**THE TASK:**
A word-for-word copy of the entries is needed, and it should contain no images.

**INPUT DATA:**
▼
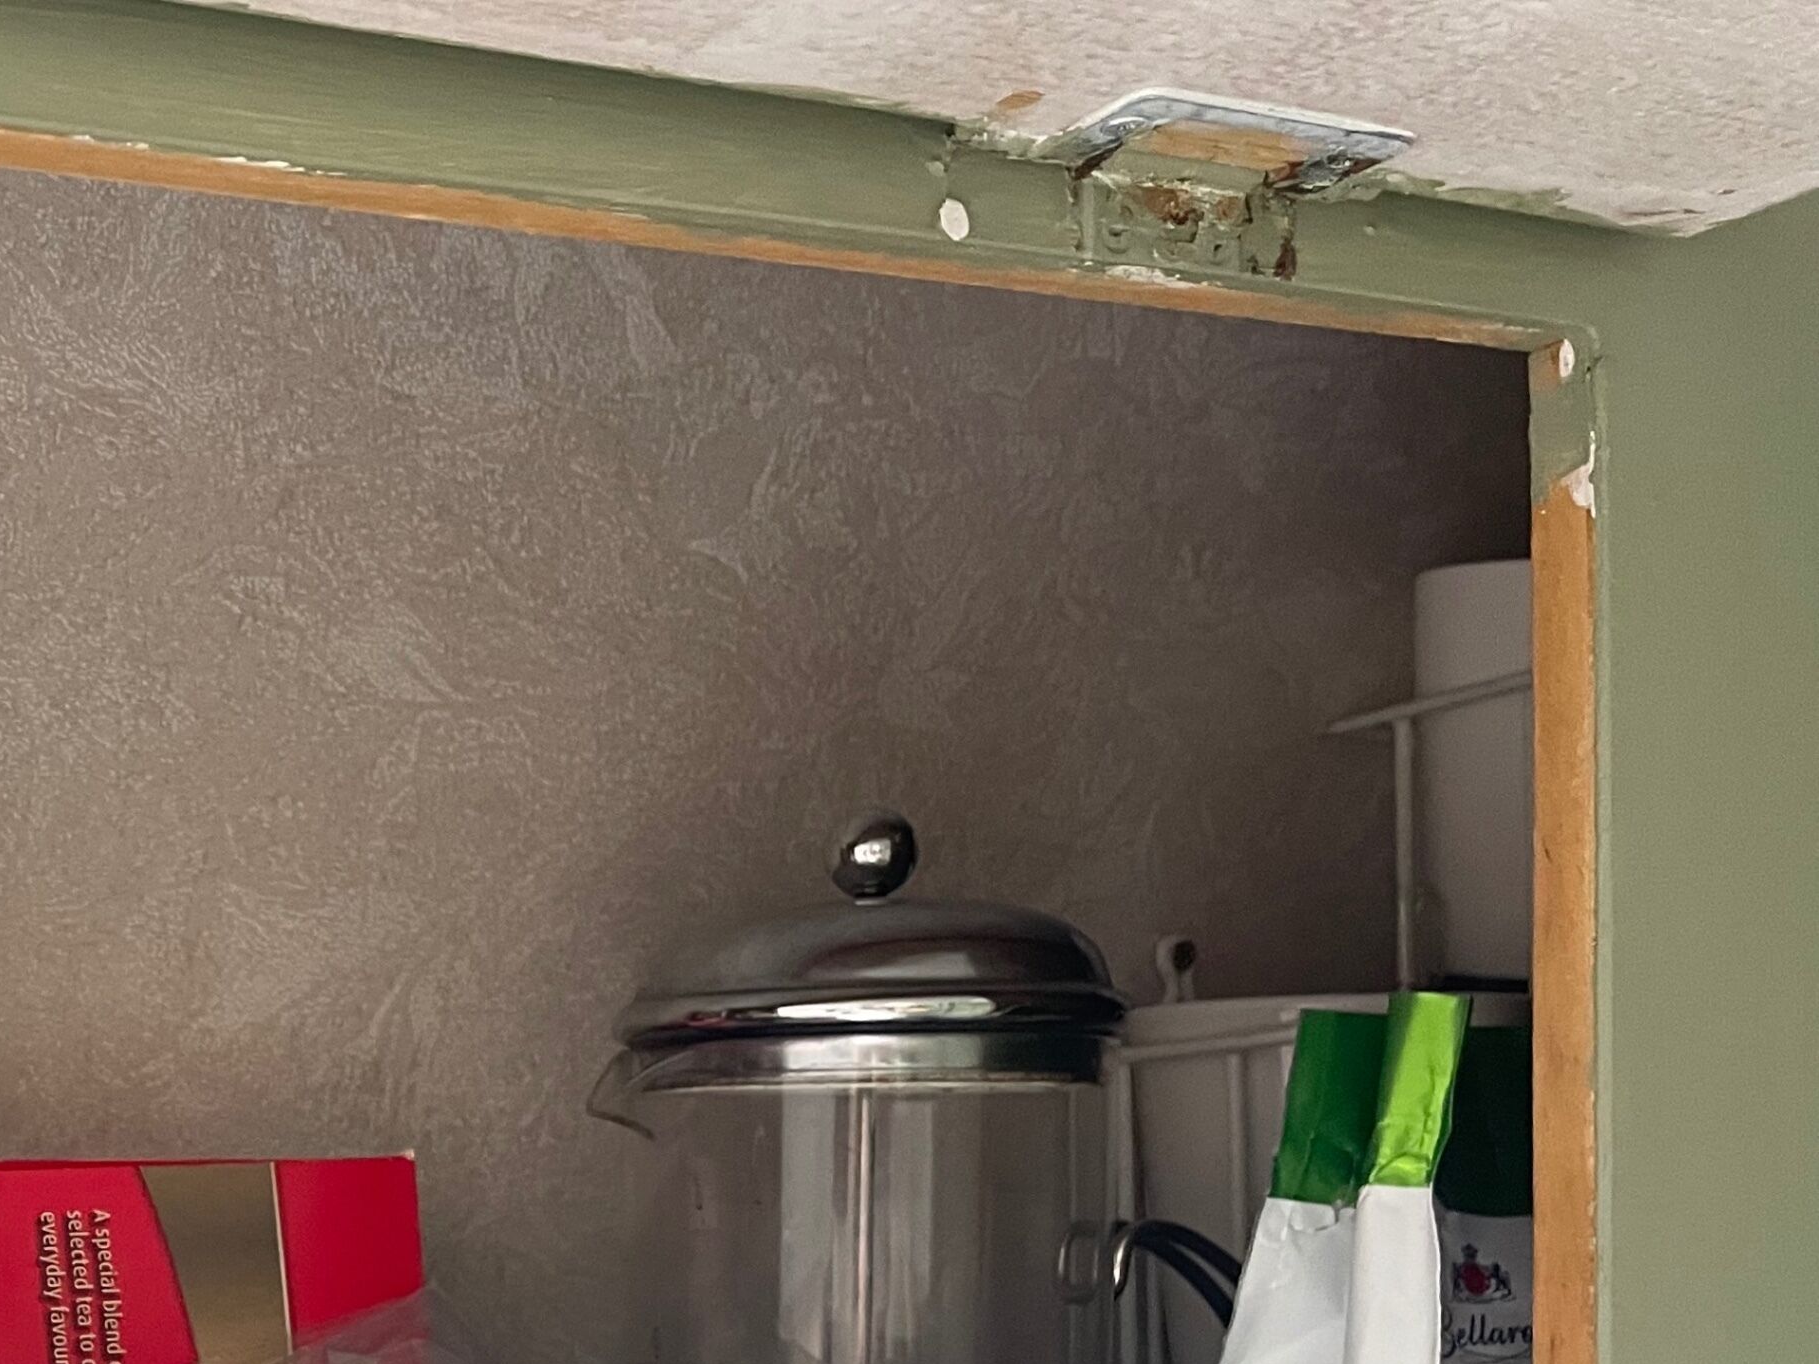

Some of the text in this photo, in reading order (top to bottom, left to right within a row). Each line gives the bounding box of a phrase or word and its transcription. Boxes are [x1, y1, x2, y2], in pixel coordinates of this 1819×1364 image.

[92, 1209, 112, 1223] A
[39, 1210, 67, 1299] everyday
[66, 1209, 94, 1289] selected
[92, 1228, 121, 1294] special
[75, 1297, 97, 1326] tea
[101, 1300, 127, 1354] blend
[78, 1333, 97, 1352] to
▲
**SOLUTION FOR THIS EXERCISE:**
Some of the text in this photo, in reading order (top to bottom, left to right within a row). Each line gives the bounding box of a phrase or word and its transcription. Boxes are [x1, y1, x2, y2], in pixel coordinates of this 1819×1364 image.

[92, 1209, 112, 1223] A
[39, 1210, 67, 1299] everyday
[66, 1209, 94, 1289] selected
[92, 1228, 121, 1294] special
[75, 1297, 97, 1326] tea
[101, 1300, 127, 1354] blend
[78, 1333, 97, 1352] to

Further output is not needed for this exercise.